Diperbarui: 17 Juni 2015   22:53

Kompasiana adalah platform blog. Konten ini menjadi tanggung jawab bloger dan tidak mewakili pandangan redaksi Kompas.

Pendidikan. Sumber ilustrasi: PEXELS/McElspeth

Selamat sore menjelang senja, hanya bagi mereka yang bisa memaknainya.


Aku mulai suka memandang langit sore berwarna jingga, ada ataupun kau tiada. Tanpa kata dan suara, aku hanya butuh udara dan senja. Warna biru langit yang bercampur dengan warna jingga seperti ini sudah cukup bagiku. Cukup untuk mengendurkan urat-urat syarafku yang menegang seharian ketika segala persoalan datang menghujam. Ah... sore ini tanpamu, tapi tak mengapa.

Dibarat, langit sudah mulai nampak semburat. Matahari yang dengan garang memancarkan sinarnya sepanjang siang, juga nampak mulai enggan. Sinarnya yang panas menyengat kini mulai berganti hangat. Saat-saat seperti ini aku selalu teringat akan kita. Saat kita melewati senja bersama.

Biasanya kau hanya akan duduk disitu memandangi langit yang berwarna jingga itu tanpa kata, tanpa suara. Kalau sudah begitu aku hanya akan menyajikan secangkir teh panas beraroma melati dan sepiring singkong goreng, lalu duduk disebelahmu, memandangi wajahmu yang tersenyum damai memandangi langit senja.

Kau dan senja seolah punya cerita. Bahkan mungkin cerita yang mengikat engkau dengan sangat erat. Tapi aku cukup bahagia melihatmu begini saja. Entah sudah berapa senja kita lewati bersama. Yang pasti ketika pekerjaan sedang tidak cukup menantang kau akan selalu pulang sebelum senja datang untuk melakukan hal yang sama. Duduk disitu dan memandanginya. Senja.

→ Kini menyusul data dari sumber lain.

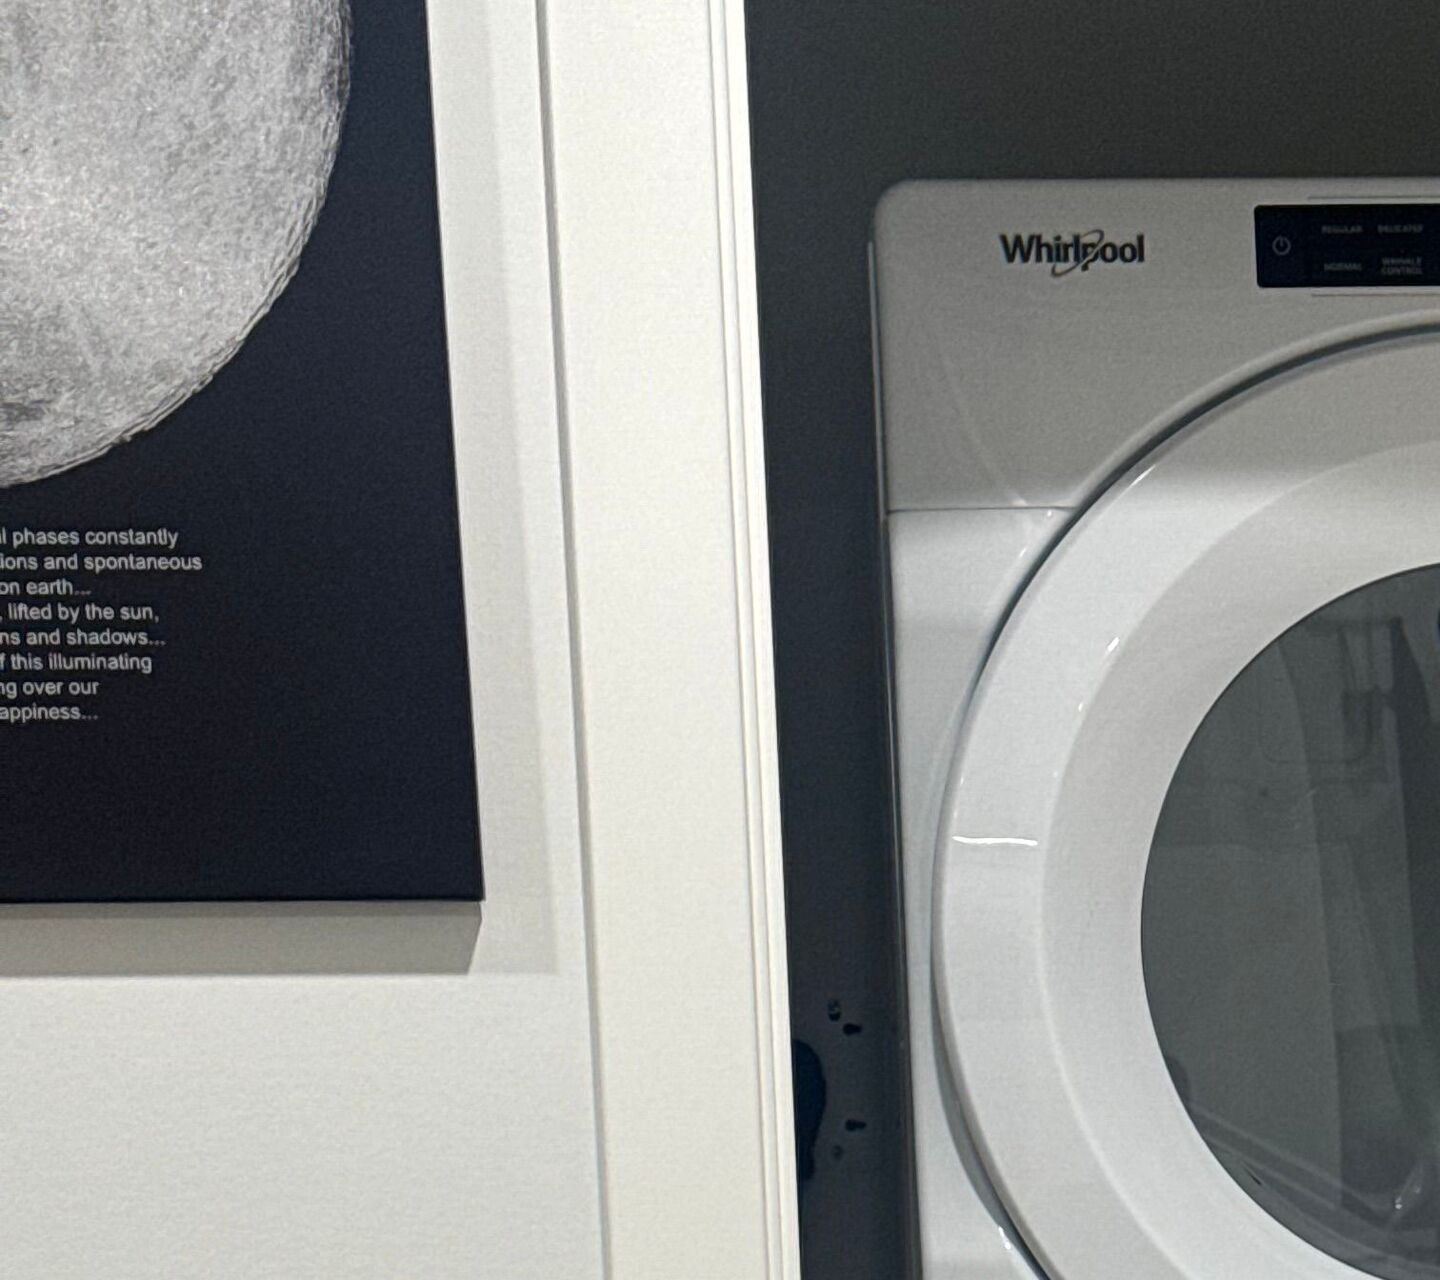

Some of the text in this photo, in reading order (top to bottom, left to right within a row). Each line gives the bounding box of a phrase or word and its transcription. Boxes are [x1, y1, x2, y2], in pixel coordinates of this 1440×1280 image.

[1321, 225, 1363, 234] REGULAR
[1000, 233, 1145, 272] Whirlpool
[1323, 263, 1362, 272] NORMAL
[13, 527, 80, 549] phases
[85, 527, 178, 549] constantly
[43, 553, 78, 570] and
[84, 555, 203, 574] spontaneous
[0, 578, 92, 595] on earth...
[8, 602, 51, 620] lifted
[57, 602, 80, 624] by
[85, 602, 114, 620] the
[120, 606, 159, 623] sun,
[26, 629, 60, 645] and
[66, 628, 166, 646] shadows...
[11, 652, 43, 670] this
[49, 652, 152, 673] illuminating
[22, 682, 62, 695] over
[69, 682, 99, 695] our
[0, 702, 98, 723] appiness...

Sore ini aku mencoba melakukan hal yang sama. Duduk disitu, ditempat yang biasanya engkau duduki. Mencoba merasakan apa yang engkau rasa dan melihat apa yang engkau lihat sebenarnya. Apa yang sebenarnya membuatmu ingin cepat-cepat pulang dan menikmati senja bersama.

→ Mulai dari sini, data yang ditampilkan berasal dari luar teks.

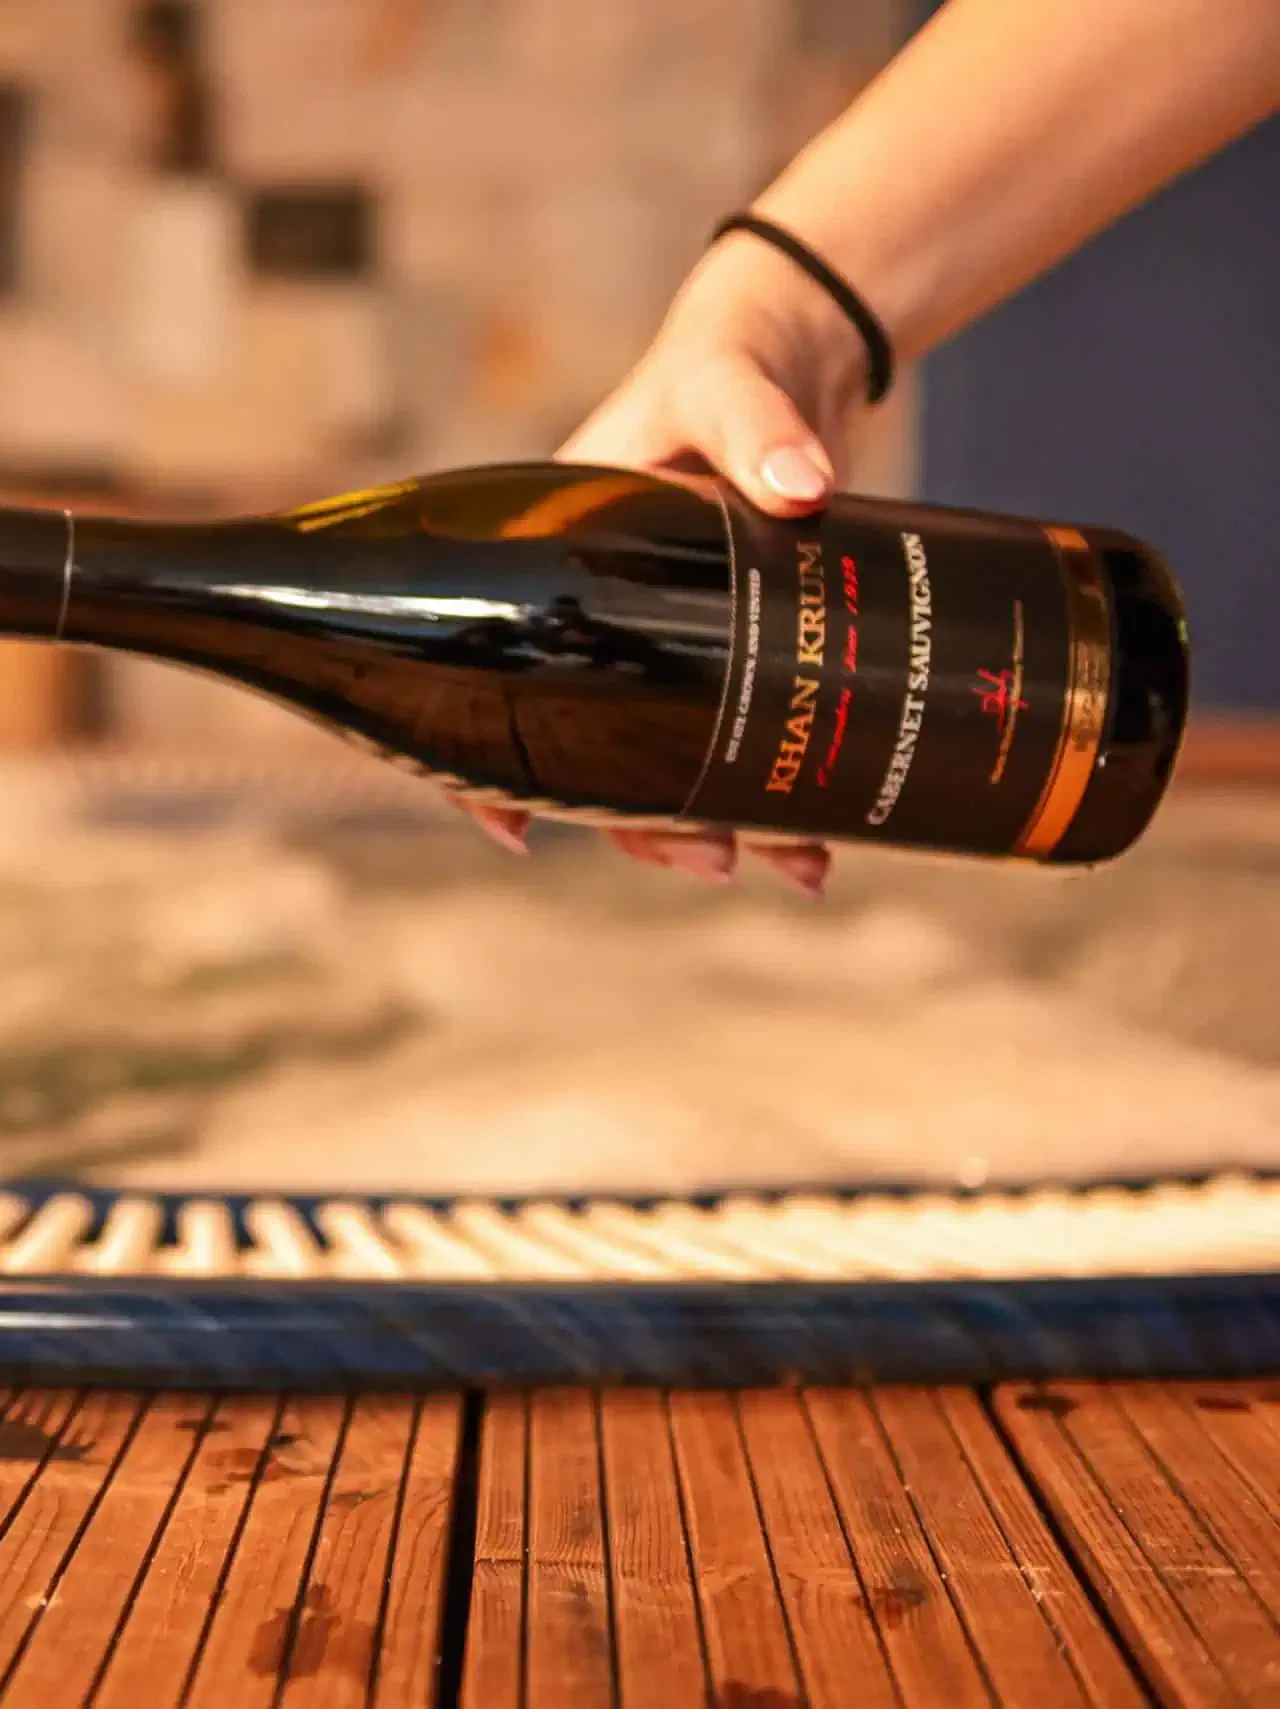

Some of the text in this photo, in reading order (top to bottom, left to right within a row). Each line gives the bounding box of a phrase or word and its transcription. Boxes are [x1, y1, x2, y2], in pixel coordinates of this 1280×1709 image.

[765, 540, 827, 794] KHAN KRUM
[866, 531, 932, 826] CABERNET SAUVIGNON

Aku memandang lurus ke langit senja yang tepat berada di depanku sore ini. Menarik nafas dalam dan menghembuskannya perlahan. Merasakan setiap mili oksigen yang masuk melalui kedua lobang hidungku, melewati tenggorokan dan masuk ke dalam paru-paru, memenuhi seluruh rongganya dan membuat lega. Sepoi angin meniup jatuh daun-daun kering di musim kemarau yang panjang ini. Sesekali juga membelai wajahku dengan lembut. Mataku mencoba terpejam merasakan apa yang sebenarnya kau rasakan.

Perlahan kubuka mataku, dan melihat warna jingga itu. Semburatnya seperti menggambarkan semburat lekuk wajah tampanmu yang selalu tersenyum penuh damai disampingku kala senja itu. Aku tersenyum seolah membalas senyum manismu itu.

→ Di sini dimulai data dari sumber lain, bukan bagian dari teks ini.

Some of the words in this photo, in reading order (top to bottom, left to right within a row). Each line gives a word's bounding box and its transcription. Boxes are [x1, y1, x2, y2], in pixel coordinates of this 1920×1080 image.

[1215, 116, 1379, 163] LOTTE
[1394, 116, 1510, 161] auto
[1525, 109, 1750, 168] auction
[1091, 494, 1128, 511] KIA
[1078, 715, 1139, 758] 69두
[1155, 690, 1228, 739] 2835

Aku memejamkan mataku lagi dan kembali merasakan belaian lembut sang angin sore ini. Lalu aku buka kembali mataku dan kulihat kita tertawa bersama, bercanda dan bercerita. Kembali aku tersenyum. Dan seperti diputar kembali sebuah drama kisah kita yang penuh suka dan duka.

Ah... jadi ini yang membuatmu sangat menyukai senja. Kau bisa melihat apapun yang sedang ingin kaulihat, merasakan apapun yang kau ingin rasa dan itu sudah cukup membuatmu berbahagia.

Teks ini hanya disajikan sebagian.